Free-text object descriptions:
================================

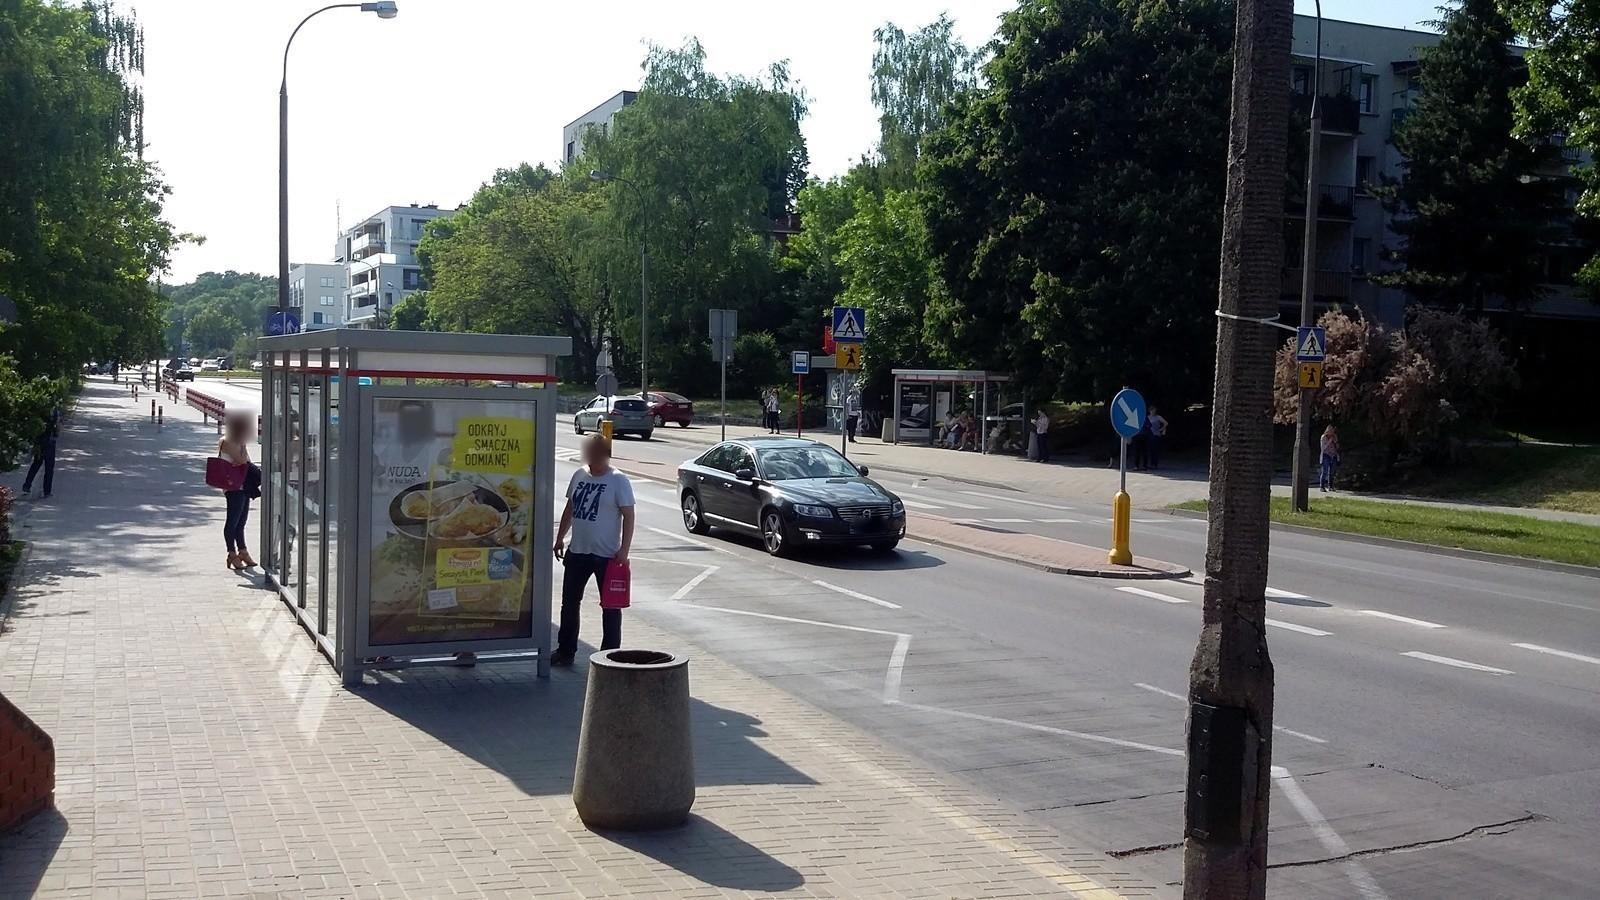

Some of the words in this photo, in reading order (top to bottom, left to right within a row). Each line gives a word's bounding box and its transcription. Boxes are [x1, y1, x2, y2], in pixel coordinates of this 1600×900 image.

[468, 424, 507, 437] ODKRYJ
[465, 453, 510, 468] ODMIANĘ!
[388, 466, 421, 477] NUDA
[577, 481, 607, 494] SAVE
[572, 489, 591, 511] ME
[588, 492, 601, 513] A

================================

- _WHAT YOU HAVE TO DO_:
All of the entries, apart from the pictures, must be returned exactly.

- _EXERCISE ANSWER_:
Some of the words in this photo, in reading order (top to bottom, left to right within a row). Each line gives a word's bounding box and its transcription. Boxes are [x1, y1, x2, y2], in pixel coordinates of this 1600×900 image.

[468, 424, 507, 437] ODKRYJ
[465, 453, 510, 468] ODMIANĘ!
[388, 466, 421, 477] NUDA
[577, 481, 607, 494] SAVE
[572, 489, 591, 511] ME
[588, 492, 601, 513] A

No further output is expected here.